In response, IT vendors have expanded products that previously targeted DevOps teams to incorporate business workflows, from Atlassian's Workflow Manager to Salesforce's acquisitions of MuleSoft for AIOps and Slack for ChatOps.
ServiceNow has been at the forefront of this trend with the Now Platform, first rolled out in 2018 as a multi-purpose workflow tool, and since expanded to cover new types of workflows. Most recently, ServiceNow added low-code/no-code interfaces and AI-driven automation to the Quebec version of the product in March.
Advanced observability for a new audience
Lightstep was founded in 2015 by co-creators of the OpenTelemetry open source distributed tracing project.
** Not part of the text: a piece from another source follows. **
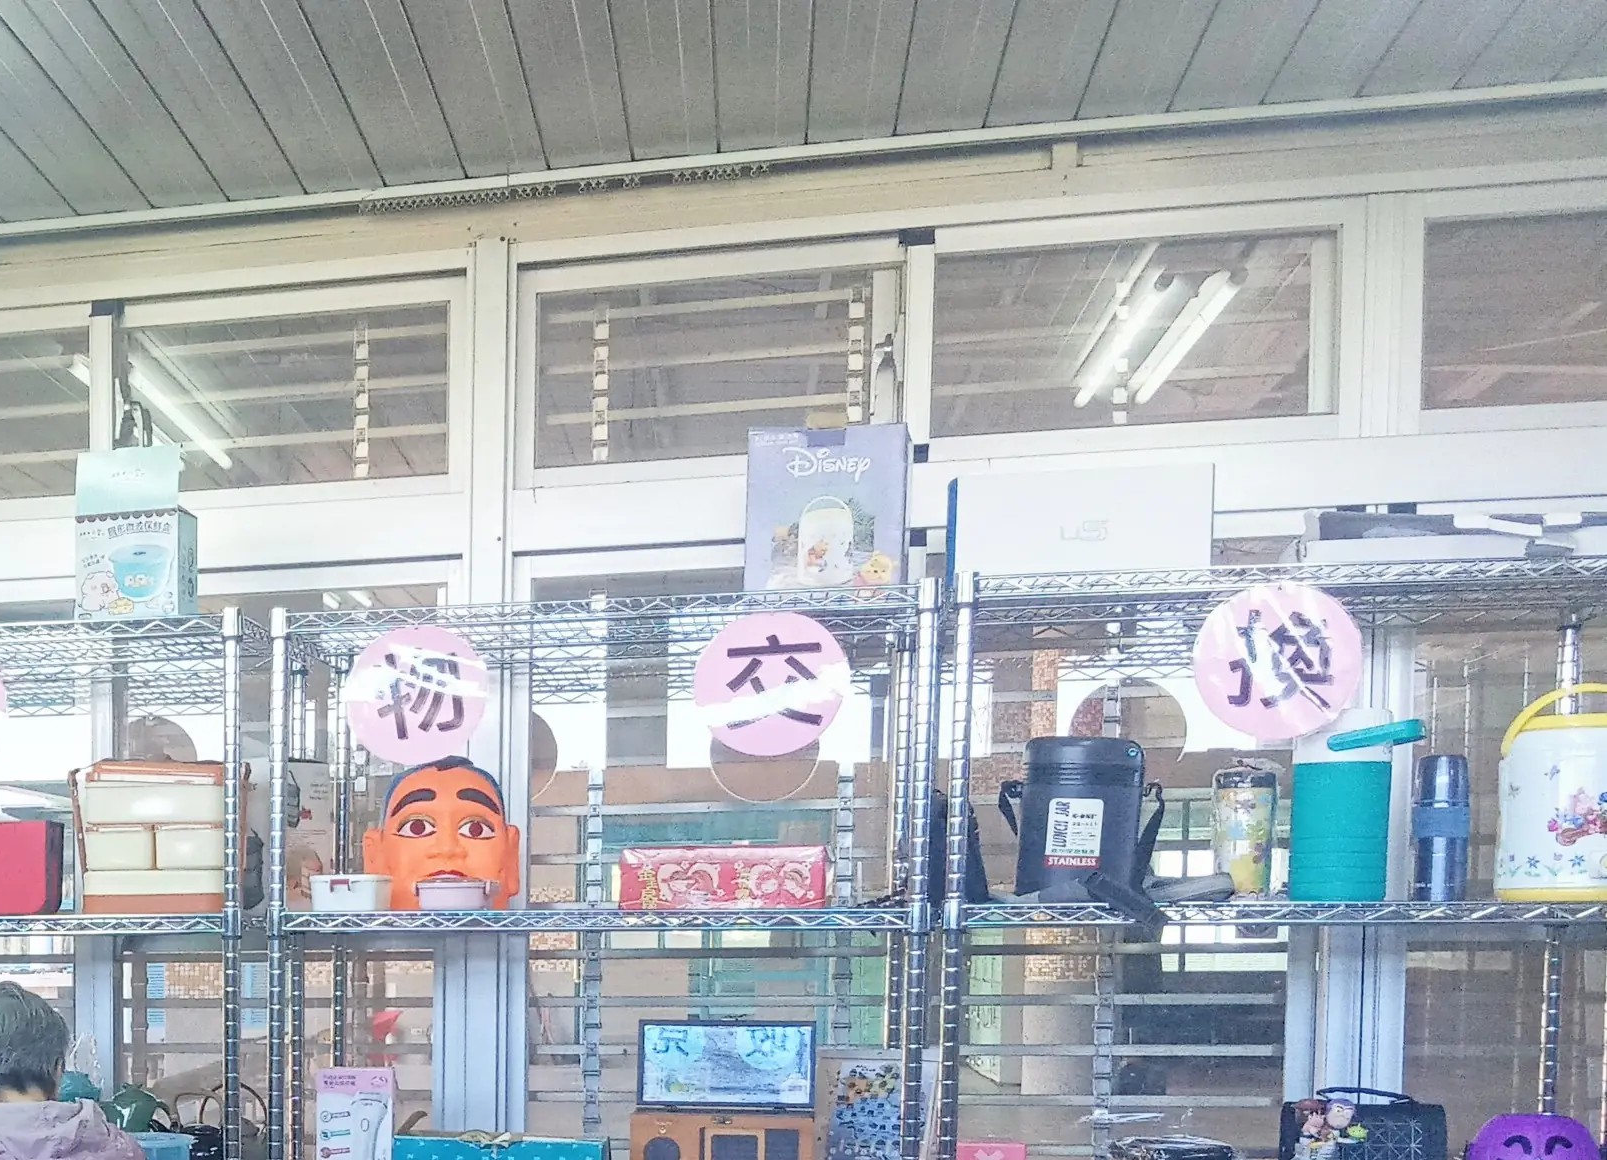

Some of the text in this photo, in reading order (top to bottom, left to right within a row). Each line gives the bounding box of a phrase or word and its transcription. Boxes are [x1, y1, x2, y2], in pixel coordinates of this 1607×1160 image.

It adds advanced data analytics to observability data to predict performance issues as software advances through DevOps pipelines and to determine the root causes of issues in production. It's used by enterprises such as Ticketmaster to analyze data collected via Confluent Kafka pipelines to prevent fraud in its online ticket purchasing systems.
The cloud-native observability market has a glut of competing products that are also converging, combining previously separate disciplines of metrics-based APM monitoring, log analytics and distributed tracing. In fact, OpenTelemetry is a response to the proliferation of open source distributed tracing tools, and an effort to streamline and standardize the data collection mechanism they use. Observability specialists such as Dynatrace have also begun to diversify beyond production application performance with new tools that optimize DevOps pipelines. All of these factors and increasing vendor overlap mean enterprise IT buyers face a more dizzying array of tool choices than ever before.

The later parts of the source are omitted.